*Exercise prompt*: Exactly the lines from the one that holds "this 1333×1500 image." to the end of the data below: retype these and nothing else.

*The data*:
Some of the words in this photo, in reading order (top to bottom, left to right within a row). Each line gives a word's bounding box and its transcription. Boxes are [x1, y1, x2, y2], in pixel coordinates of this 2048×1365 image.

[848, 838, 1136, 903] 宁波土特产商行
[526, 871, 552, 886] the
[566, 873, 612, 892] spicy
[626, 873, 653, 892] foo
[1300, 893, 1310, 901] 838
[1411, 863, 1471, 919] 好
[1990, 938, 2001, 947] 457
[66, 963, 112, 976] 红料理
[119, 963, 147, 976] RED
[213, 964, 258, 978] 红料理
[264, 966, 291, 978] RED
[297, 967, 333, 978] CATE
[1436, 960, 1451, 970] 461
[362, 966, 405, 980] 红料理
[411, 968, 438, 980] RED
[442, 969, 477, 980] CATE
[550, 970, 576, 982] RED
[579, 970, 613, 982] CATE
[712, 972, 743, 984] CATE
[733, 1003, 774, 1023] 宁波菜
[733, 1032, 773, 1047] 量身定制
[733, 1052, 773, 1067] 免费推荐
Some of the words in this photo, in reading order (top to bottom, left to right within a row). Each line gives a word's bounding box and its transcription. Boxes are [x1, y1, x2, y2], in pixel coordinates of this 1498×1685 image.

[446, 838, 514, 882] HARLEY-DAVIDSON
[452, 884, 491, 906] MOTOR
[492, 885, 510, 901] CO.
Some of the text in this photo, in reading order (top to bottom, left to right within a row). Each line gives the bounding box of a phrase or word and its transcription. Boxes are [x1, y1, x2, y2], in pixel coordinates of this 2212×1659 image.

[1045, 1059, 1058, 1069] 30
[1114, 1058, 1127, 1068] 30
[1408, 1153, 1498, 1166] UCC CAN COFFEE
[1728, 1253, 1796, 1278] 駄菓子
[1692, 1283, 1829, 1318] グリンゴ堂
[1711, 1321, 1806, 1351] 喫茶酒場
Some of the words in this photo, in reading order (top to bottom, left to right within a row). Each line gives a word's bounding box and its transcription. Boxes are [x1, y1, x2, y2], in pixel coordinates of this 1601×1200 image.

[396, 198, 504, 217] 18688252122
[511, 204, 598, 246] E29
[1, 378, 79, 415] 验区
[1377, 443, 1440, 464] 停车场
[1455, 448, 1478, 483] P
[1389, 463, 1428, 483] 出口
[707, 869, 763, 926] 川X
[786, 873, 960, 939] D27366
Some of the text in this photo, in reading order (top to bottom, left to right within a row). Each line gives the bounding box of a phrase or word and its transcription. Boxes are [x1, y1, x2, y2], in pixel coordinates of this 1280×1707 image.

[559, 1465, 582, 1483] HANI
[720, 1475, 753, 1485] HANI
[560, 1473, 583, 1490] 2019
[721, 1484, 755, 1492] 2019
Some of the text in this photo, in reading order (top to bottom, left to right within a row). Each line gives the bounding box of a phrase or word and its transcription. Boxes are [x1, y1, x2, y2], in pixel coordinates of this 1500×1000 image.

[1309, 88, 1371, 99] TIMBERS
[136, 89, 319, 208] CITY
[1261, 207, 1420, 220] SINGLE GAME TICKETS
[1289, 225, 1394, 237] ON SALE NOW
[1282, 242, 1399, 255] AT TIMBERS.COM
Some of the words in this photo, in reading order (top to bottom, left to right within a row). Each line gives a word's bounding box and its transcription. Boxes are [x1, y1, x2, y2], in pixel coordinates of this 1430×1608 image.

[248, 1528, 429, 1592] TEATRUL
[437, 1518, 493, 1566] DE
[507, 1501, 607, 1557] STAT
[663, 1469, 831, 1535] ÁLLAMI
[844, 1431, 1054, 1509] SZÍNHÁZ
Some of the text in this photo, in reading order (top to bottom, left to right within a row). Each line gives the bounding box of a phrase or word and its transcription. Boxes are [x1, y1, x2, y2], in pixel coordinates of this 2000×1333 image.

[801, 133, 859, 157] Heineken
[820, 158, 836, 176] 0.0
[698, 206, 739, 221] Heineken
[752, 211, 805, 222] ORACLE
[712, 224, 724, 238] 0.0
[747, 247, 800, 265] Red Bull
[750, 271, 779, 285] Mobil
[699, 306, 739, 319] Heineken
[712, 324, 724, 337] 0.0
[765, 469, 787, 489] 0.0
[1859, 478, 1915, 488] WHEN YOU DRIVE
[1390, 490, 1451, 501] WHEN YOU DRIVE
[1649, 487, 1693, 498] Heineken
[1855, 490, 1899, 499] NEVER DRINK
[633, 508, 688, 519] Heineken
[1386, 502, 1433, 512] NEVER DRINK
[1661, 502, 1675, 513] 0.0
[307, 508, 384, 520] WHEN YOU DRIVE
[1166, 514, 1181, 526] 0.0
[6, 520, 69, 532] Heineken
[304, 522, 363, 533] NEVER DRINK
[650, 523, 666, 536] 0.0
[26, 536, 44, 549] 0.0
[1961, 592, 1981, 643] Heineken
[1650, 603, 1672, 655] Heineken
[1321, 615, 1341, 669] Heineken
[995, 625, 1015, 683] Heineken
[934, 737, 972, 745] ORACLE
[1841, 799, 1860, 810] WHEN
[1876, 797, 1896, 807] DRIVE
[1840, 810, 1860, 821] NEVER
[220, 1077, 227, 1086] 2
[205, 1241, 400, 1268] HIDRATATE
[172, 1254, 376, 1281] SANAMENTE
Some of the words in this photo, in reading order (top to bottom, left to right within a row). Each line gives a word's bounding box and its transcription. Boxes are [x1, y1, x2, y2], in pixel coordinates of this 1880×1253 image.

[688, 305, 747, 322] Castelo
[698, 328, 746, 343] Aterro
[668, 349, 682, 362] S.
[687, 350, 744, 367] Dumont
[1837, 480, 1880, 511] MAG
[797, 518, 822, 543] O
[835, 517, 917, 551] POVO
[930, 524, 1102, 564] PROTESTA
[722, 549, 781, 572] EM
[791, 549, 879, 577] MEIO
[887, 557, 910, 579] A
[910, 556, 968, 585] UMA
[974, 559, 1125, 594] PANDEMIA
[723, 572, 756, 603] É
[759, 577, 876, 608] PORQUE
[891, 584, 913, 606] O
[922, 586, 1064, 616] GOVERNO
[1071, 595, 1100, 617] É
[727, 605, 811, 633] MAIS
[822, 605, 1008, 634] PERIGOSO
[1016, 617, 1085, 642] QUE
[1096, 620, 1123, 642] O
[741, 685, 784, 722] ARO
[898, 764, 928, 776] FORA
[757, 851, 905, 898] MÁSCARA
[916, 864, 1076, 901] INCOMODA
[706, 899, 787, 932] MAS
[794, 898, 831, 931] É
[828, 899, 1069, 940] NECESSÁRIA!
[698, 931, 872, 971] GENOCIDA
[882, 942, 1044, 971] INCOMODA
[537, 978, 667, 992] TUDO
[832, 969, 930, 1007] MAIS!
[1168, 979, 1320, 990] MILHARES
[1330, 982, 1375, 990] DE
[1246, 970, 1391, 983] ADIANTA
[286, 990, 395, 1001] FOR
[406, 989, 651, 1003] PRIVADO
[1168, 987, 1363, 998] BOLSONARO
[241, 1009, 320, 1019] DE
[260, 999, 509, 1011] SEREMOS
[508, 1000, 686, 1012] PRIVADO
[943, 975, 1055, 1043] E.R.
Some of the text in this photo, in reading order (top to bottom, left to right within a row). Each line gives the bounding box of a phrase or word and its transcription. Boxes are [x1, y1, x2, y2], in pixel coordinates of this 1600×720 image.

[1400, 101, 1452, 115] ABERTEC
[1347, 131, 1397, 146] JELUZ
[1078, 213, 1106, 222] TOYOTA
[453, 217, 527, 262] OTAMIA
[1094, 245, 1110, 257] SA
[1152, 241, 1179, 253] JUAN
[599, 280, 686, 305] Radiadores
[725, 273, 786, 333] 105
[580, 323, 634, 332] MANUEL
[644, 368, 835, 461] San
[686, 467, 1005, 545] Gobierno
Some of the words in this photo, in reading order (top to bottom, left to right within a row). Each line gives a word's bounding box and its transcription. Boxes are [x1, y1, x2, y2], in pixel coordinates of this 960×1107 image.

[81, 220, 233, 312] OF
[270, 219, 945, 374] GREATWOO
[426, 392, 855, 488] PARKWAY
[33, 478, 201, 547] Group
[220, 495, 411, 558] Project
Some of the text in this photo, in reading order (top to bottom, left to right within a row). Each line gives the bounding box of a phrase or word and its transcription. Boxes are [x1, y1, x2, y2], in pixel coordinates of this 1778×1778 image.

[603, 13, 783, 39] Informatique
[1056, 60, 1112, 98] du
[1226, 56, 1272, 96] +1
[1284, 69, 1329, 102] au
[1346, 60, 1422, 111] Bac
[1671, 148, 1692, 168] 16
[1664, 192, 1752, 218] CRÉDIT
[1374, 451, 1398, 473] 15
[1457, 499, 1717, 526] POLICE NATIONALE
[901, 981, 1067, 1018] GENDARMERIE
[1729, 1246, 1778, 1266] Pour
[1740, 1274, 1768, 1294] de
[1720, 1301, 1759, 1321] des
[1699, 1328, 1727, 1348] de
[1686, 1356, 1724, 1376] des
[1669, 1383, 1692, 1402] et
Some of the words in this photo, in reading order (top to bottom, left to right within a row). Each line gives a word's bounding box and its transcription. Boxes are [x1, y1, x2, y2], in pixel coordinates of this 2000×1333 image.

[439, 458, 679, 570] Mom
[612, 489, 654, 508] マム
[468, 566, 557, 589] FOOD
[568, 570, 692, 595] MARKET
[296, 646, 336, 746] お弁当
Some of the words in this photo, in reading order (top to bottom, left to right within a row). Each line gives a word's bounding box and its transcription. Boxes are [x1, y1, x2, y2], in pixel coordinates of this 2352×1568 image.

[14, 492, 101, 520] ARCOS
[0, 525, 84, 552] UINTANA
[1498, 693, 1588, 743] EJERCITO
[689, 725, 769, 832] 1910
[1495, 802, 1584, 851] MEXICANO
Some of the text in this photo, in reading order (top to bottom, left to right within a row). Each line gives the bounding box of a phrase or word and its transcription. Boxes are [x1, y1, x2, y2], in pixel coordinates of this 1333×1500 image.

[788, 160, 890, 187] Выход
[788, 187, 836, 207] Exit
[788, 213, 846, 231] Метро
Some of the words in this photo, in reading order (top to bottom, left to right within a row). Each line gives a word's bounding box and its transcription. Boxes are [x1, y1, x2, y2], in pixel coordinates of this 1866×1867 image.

*Finished exercise*:
Some of the text in this photo, in reading order (top to bottom, left to right within a row). Each line gives the bounding box of a phrase or word and its transcription. Boxes are [x1, y1, x2, y2], in pixel coordinates of this 1333×1500 image.

[788, 160, 890, 187] Выход
[788, 187, 836, 207] Exit
[788, 213, 846, 231] Метро
Some of the words in this photo, in reading order (top to bottom, left to right within a row). Each line gives a word's bounding box and its transcription. Boxes are [x1, y1, x2, y2], in pixel coordinates of this 1866×1867 image.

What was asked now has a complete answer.